Text-to-region grounding data:
§

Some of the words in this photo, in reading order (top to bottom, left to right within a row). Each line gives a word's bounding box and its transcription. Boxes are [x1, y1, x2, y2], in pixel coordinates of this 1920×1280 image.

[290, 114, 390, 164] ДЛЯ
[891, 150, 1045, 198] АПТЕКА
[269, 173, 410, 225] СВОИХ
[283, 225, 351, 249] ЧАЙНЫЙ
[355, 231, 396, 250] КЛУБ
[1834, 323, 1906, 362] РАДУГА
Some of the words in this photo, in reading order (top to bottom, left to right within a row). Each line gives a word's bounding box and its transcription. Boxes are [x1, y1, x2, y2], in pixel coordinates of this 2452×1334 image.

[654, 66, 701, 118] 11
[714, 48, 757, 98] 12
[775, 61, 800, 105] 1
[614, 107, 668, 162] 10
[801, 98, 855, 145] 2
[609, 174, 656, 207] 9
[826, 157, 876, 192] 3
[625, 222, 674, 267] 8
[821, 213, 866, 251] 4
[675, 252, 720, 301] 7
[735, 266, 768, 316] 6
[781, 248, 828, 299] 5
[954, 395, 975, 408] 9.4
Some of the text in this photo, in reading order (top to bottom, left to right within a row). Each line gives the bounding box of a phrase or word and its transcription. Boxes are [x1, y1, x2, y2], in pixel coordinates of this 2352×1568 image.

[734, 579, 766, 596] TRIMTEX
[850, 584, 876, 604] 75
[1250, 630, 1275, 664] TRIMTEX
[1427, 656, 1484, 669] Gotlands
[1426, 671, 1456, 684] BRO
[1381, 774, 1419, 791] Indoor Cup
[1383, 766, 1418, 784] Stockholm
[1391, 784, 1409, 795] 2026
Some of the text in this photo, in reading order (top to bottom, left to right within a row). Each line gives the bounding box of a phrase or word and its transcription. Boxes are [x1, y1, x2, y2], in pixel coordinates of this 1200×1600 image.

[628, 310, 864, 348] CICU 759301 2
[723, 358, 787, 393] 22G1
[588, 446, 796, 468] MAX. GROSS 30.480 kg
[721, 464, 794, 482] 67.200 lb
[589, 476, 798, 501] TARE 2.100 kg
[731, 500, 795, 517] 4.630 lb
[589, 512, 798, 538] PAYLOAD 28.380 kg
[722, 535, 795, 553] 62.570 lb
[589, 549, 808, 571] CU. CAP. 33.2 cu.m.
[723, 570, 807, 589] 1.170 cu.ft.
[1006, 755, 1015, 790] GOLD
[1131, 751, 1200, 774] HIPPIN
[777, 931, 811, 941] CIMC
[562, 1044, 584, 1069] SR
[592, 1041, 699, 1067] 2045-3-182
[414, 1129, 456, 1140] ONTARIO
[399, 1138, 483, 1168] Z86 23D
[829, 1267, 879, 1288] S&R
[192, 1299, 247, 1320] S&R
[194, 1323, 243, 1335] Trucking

§

Work instruction:
The required output is the line containing "this 2352×1568 image." through the last line of the records above, each copied exactly and nothing more.

The completed task:
Some of the text in this photo, in reading order (top to bottom, left to right within a row). Each line gives the bounding box of a phrase or word and its transcription. Boxes are [x1, y1, x2, y2], in pixel coordinates of this 2352×1568 image.

[734, 579, 766, 596] TRIMTEX
[850, 584, 876, 604] 75
[1250, 630, 1275, 664] TRIMTEX
[1427, 656, 1484, 669] Gotlands
[1426, 671, 1456, 684] BRO
[1381, 774, 1419, 791] Indoor Cup
[1383, 766, 1418, 784] Stockholm
[1391, 784, 1409, 795] 2026
Some of the text in this photo, in reading order (top to bottom, left to right within a row). Each line gives the bounding box of a phrase or word and its transcription. Boxes are [x1, y1, x2, y2], in pixel coordinates of this 1200×1600 image.

[628, 310, 864, 348] CICU 759301 2
[723, 358, 787, 393] 22G1
[588, 446, 796, 468] MAX. GROSS 30.480 kg
[721, 464, 794, 482] 67.200 lb
[589, 476, 798, 501] TARE 2.100 kg
[731, 500, 795, 517] 4.630 lb
[589, 512, 798, 538] PAYLOAD 28.380 kg
[722, 535, 795, 553] 62.570 lb
[589, 549, 808, 571] CU. CAP. 33.2 cu.m.
[723, 570, 807, 589] 1.170 cu.ft.
[1006, 755, 1015, 790] GOLD
[1131, 751, 1200, 774] HIPPIN
[777, 931, 811, 941] CIMC
[562, 1044, 584, 1069] SR
[592, 1041, 699, 1067] 2045-3-182
[414, 1129, 456, 1140] ONTARIO
[399, 1138, 483, 1168] Z86 23D
[829, 1267, 879, 1288] S&R
[192, 1299, 247, 1320] S&R
[194, 1323, 243, 1335] Trucking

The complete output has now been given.